Il est quasiment incroyable d’entendre un tel vocabulaire dans la bouche d’un homme politique français en 2020 ! J’en fus le premier ébahi, néanmoins il suit pour le mieux le droit chemin de la parole mistralienne. Dans « L’estacamen au terraire », Mistral sans retenue emploie six fois le mots indépendance. Dans le mot indépendance tel que l’emploie le Maître, il faut y voir justement ce que demandent aujourd’hui les présidents de régions : l’indépendance d’esprit, de pensée, de liberté et d’action.

 Voici donc chers félibres, les effets perçus tout au long de ces derniers mois. Des effets qui pourraient enfin répondre aux griefs exprimés par Frédéric Mistral lorsqu’il disait dans « li prejujat poupulàri » : « Dans les villes plus changeantes, où plus que jamais l’esprit de nouveauté mène et corrompt le peuple, c’est presque un déshonneur de garder les coutumes, les traditions, la langue de nos devanciers ; de telle sorte que partout, au théâtre, au palais, à l’église, on fait à notre langue une guerre inconsciente, mais pourtant quotidienne, et à la fin mortelle ». Ou encore dans « La lengo dóu Miejour » : « Si ceux qui nous entendent sont des gens bien nés, des personnes d’esprit ou simplement de braves gens, ils approuveront de cœur notre gai et franc parler ; si au contraire se sont des niais, notre exemple leur apprendra à revenir au naturel ».

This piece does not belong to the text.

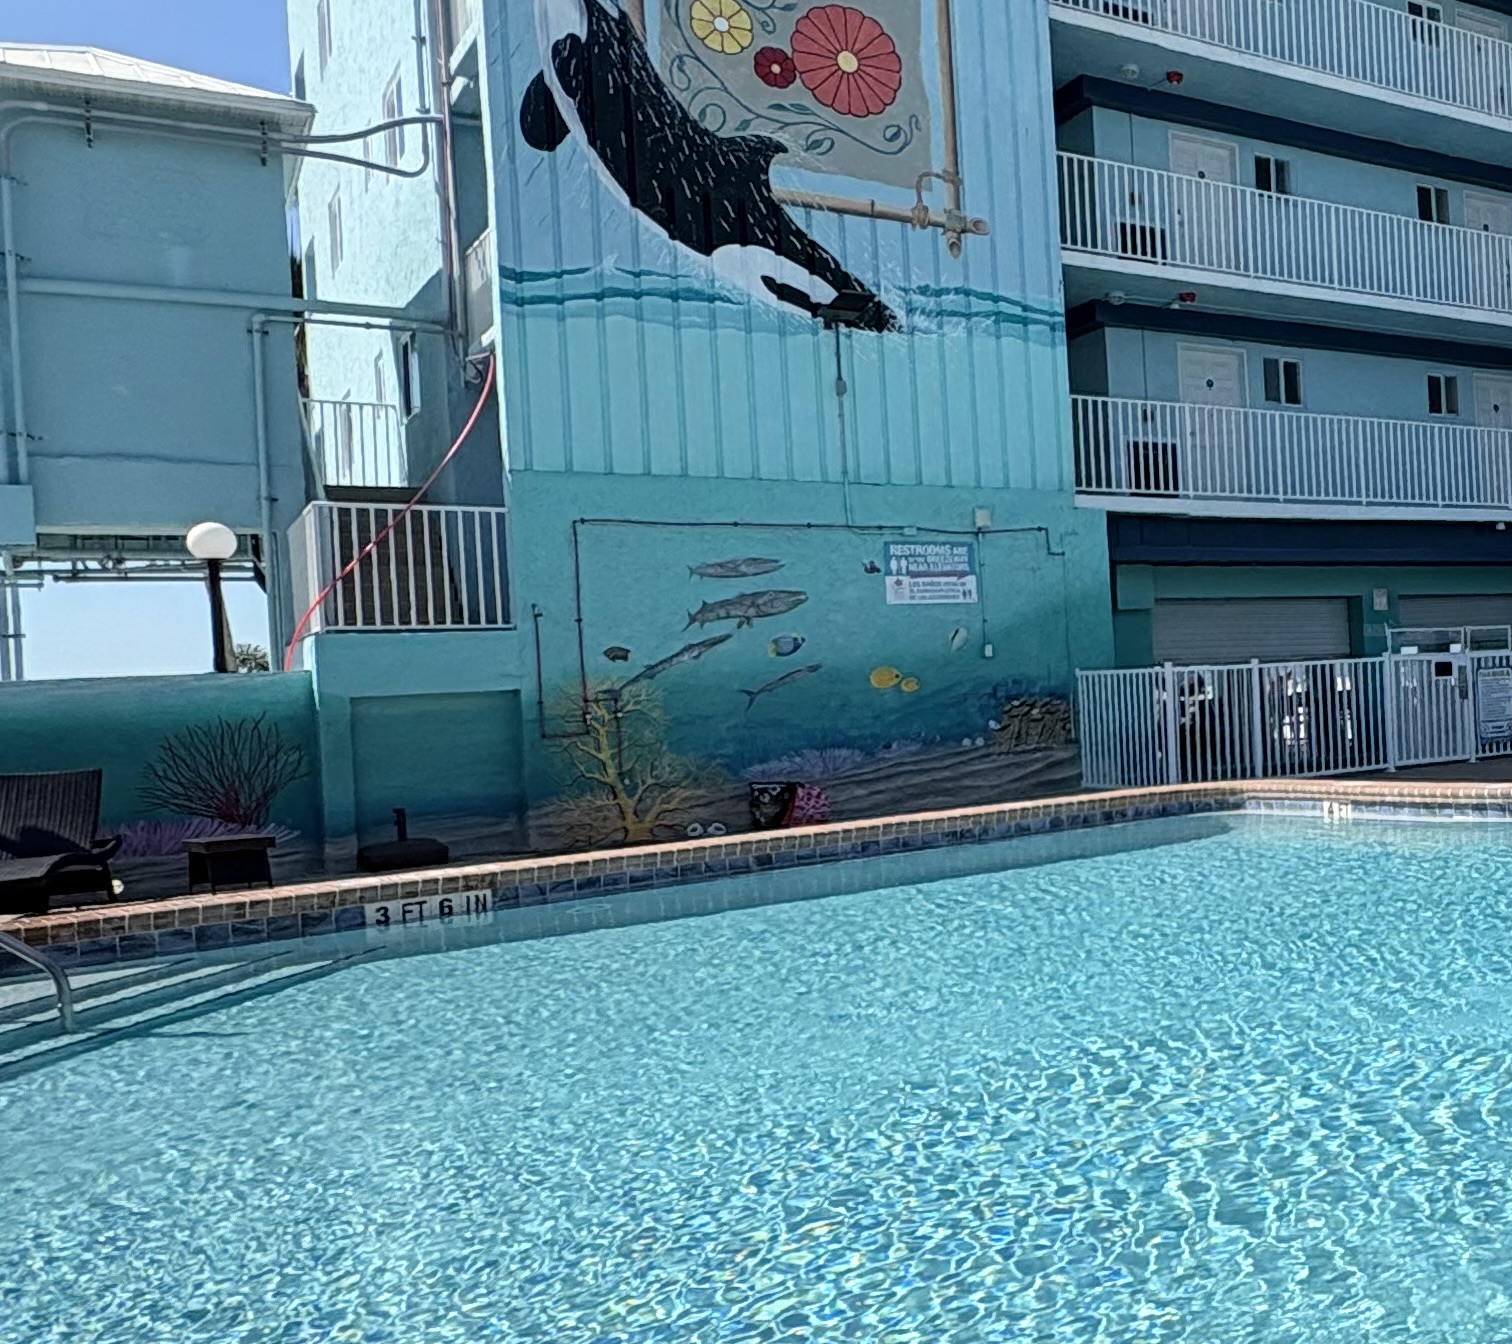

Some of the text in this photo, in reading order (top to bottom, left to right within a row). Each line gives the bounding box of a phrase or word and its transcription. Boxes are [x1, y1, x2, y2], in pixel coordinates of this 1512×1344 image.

[889, 544, 951, 556] RESTROOMS
[375, 893, 489, 926] 3 FT 6 IN
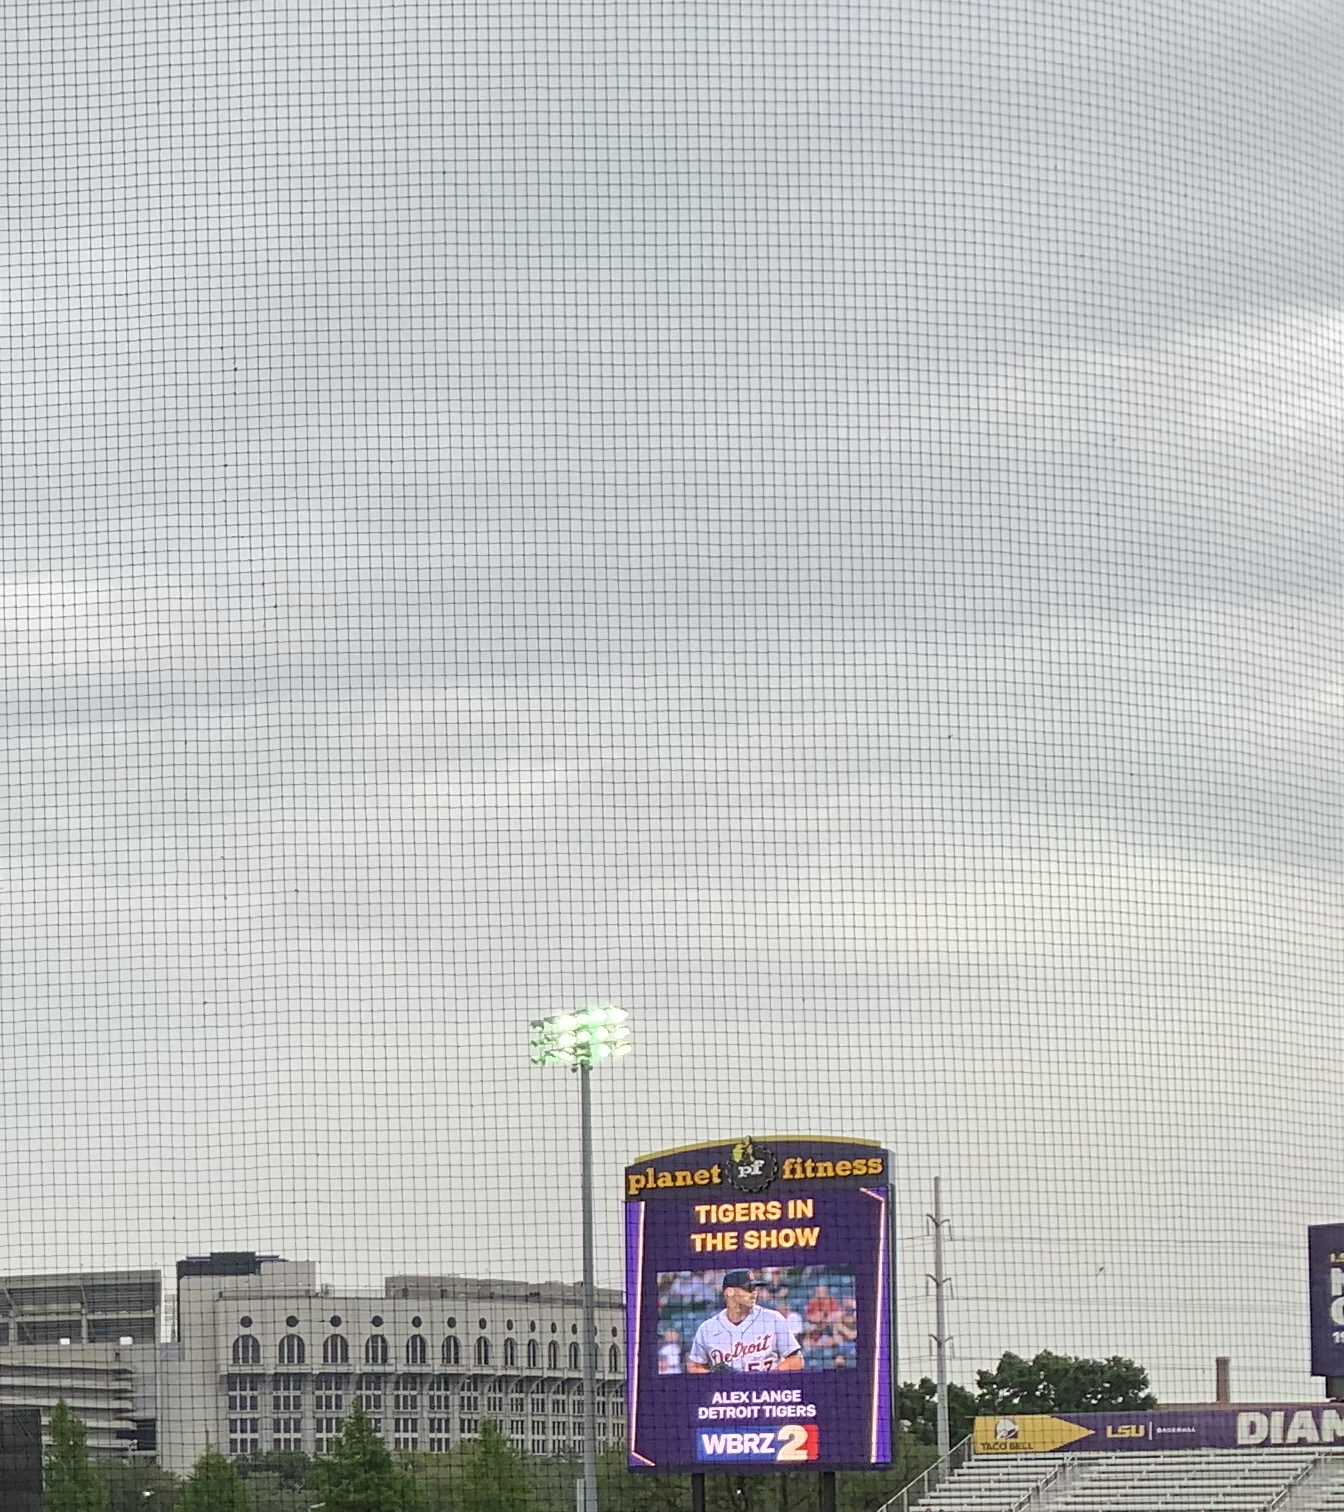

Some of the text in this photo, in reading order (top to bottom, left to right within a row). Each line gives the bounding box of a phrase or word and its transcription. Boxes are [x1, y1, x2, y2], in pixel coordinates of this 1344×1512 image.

 « Mistral donne la réponse à ce que l’homme recherche, à ce qui sans cesse le hante : il a dépassé les frontières de sa patrie, il est de toutes les patries », écrivait André Chamson[1]. Nous n’avons rien inventé, nous continuons de proclamer ces quatre vérités dans le droit chemin de ce que le Maître écrivait à Jules Boissières : « Ma conviction, partagée déjà par quelques hommes de pensée, est que le Félibrige porte en lui la solution des grandes questions politiques et sociales qui agitent l’humanité ».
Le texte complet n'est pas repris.